岐阜ハートセンター心臓血管外科部長の小山裕です。
今年も残すところあとわずかとなり、年末のご挨拶をさせていただく時期となりました。
この一年を無事乗り切ることができたのは、我々を信頼してご紹介いただきます開業医の先生方のご指導、また我々の治療を信じて体を預けていただいた患者様の頑張りのおかげです。心より感謝申し上げます。
本年を振り返りますと、2020年 1月に当院に私が赴任し、まず心臓血管外科として新チーム体制を作ることから診療を開始しました。治療の安全性を担保しつつ、手術の効率化による手術時間の短縮を行うことで、手術を受けていただく患者様の負担軽減を目指しました。また手術室チームの役割分担を明確化し、手術室におけるスタッフ間の連携を密にすることで、手術の安全性をさらに高いレベルまで高めることができました。この新たな手術室チーム体制は、昨今「働き方改革」として大きな課題とされている医療者の時間外勤務時間の短縮や体調管理にも貢献し、当院外科チームがいつ、どのような患者様に対しても最善のチーム医療を提供できるようになりました。
そして心血管病の専門治療に対しては、より体の負担の少ない低侵襲治療を目指し、スーチャレス弁(縫わない生体弁)の導入、完全内鏡視下MICS手術、経カテーテル的治療であるTAVI治療の改革(治療の効率化による手術時間短縮、局所麻酔での左鎖骨下動脈アプローチの導入など)など大きな進歩を遂げることに成功しました。

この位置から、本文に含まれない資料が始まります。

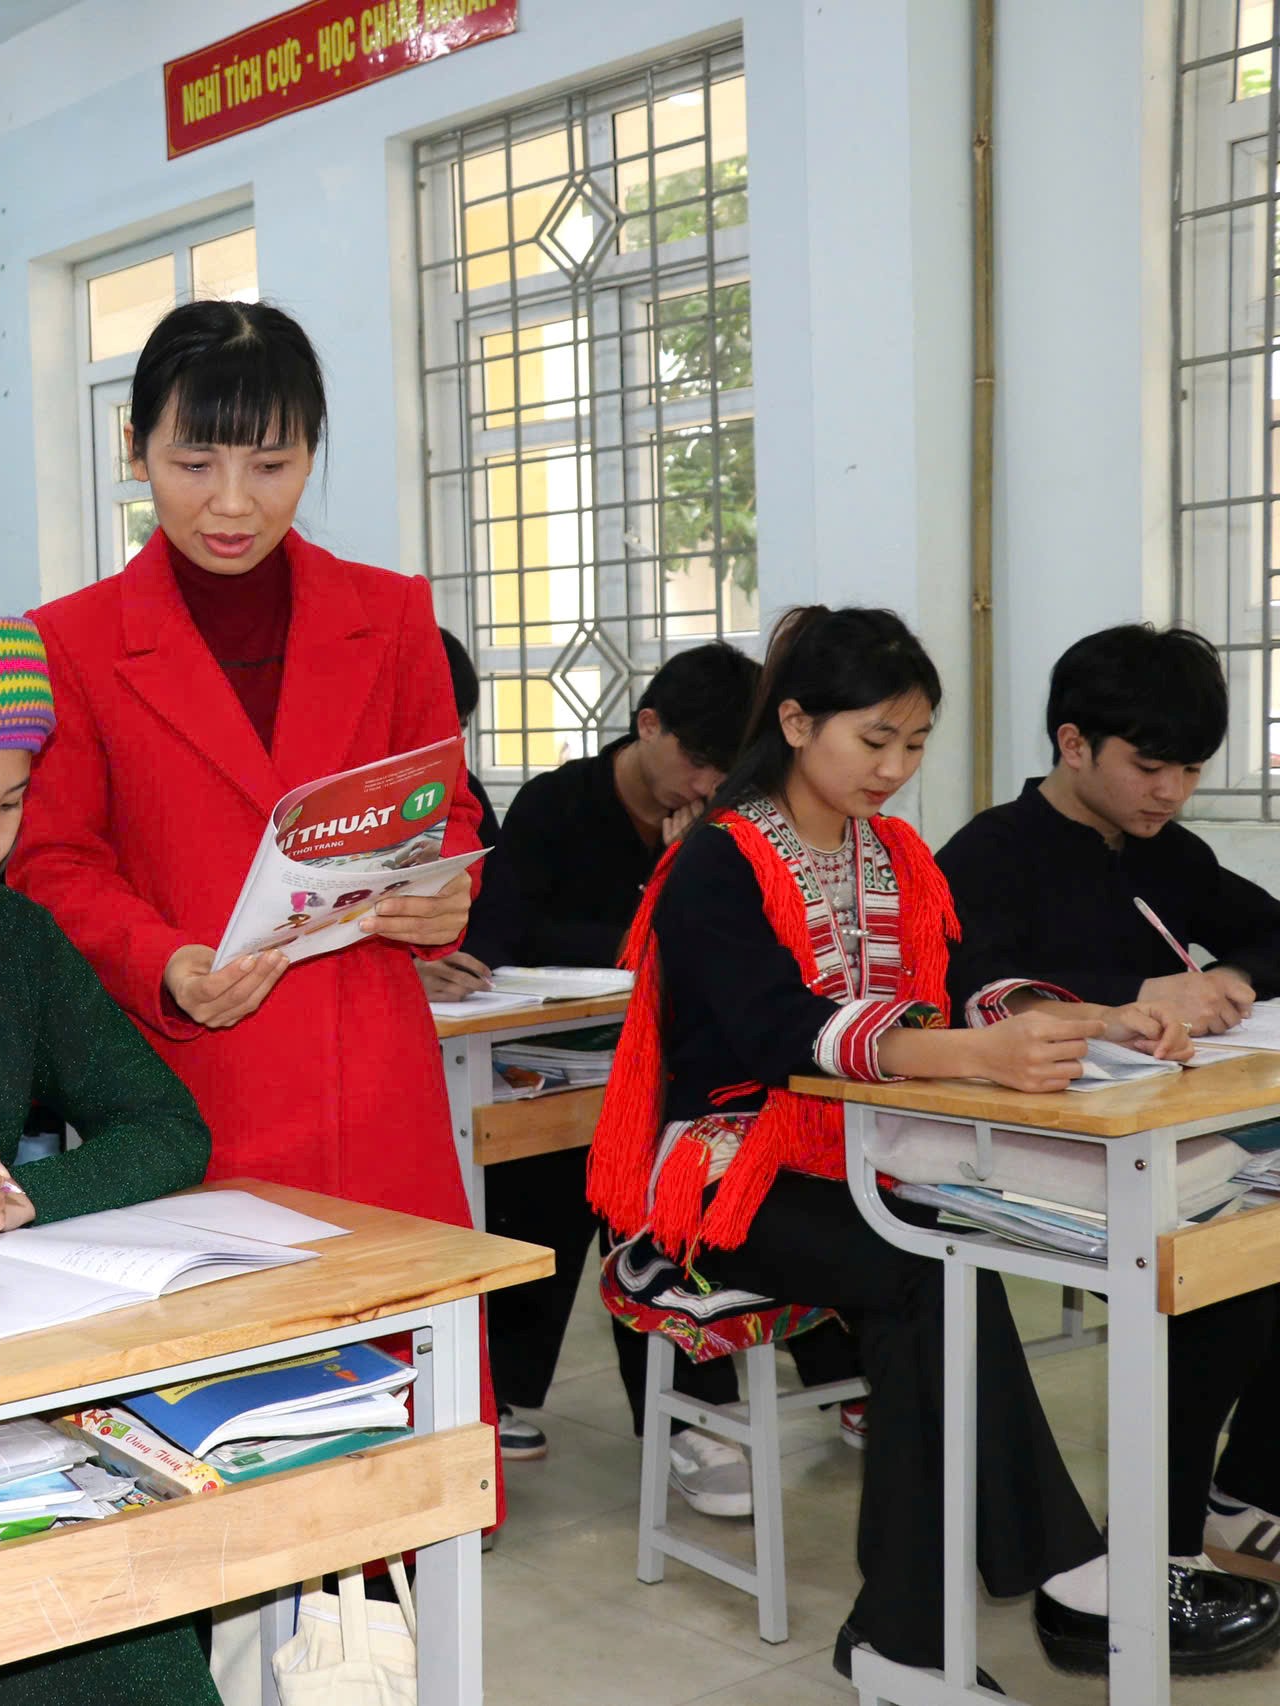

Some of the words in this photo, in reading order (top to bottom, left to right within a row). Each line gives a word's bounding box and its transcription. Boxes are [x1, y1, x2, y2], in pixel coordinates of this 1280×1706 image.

[224, 55, 263, 109] TÍCH
[266, 37, 302, 96] CỰC
[319, 17, 355, 77] HỌC
[414, 789, 435, 812] 11
[299, 804, 396, 844] THUẬT
[314, 840, 345, 850] TRANG

低侵襲治療を行う一方で、心血管病の救急治療においても一段高いレベルを目指し、日々の治療に取り組んでおります。当院の治療コンセプトである “断らない、あきらめない、そこに岐阜ハートセンターがある”を体現すべく、最近では90代の超高齢患者様の緊急冠動脈バイパス術や、高度肝機能障害を合併した胸部大動脈破裂患者様の緊急手術、臓器潅流障害による多臓器障害を伴った急性大動脈解離の患者様など、多くのハイリスク患者様も積極的に受け入れて治療を行なっております。

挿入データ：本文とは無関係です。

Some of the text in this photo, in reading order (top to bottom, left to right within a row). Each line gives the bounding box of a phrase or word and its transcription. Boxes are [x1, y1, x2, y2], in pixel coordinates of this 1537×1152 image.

本年は未曾有のコロナ禍により、病院やクリニックへの受診を控える方が多かった反面、岐阜県の非常事態宣言が明けた6月あたりから、救急で運ばれてくる患者様が例年より重症である印象を受けます。「症状がありながらも(コロナが怖くて病院に行くのを)我慢していた」という患者様も多く、日本中が新型コロナウイルス感染症に振り回された一年だったと思います。我々が専門とする心臓病、血管病の治療においては、適切な診断・治療時期が「勝負の分かれ目」となる場合が多々あります。当然のことではありますが、治療が必要な病気は新型コロナウイルス感染症だけではありません。当院では十分なコロナ感染対策のもと、これまでと変わることなく心疾患、大動脈疾患の治療に最善を尽くし、患者様、紹介元の先生が安心して「命」を任せられるハートセンターで在り続けます。
これからも皆様の信頼に応えられる高水準の循環器専門病院として、スタッフ全員がプロフェッショナルとしての責務を果たし、地域医療に貢献していく所存です。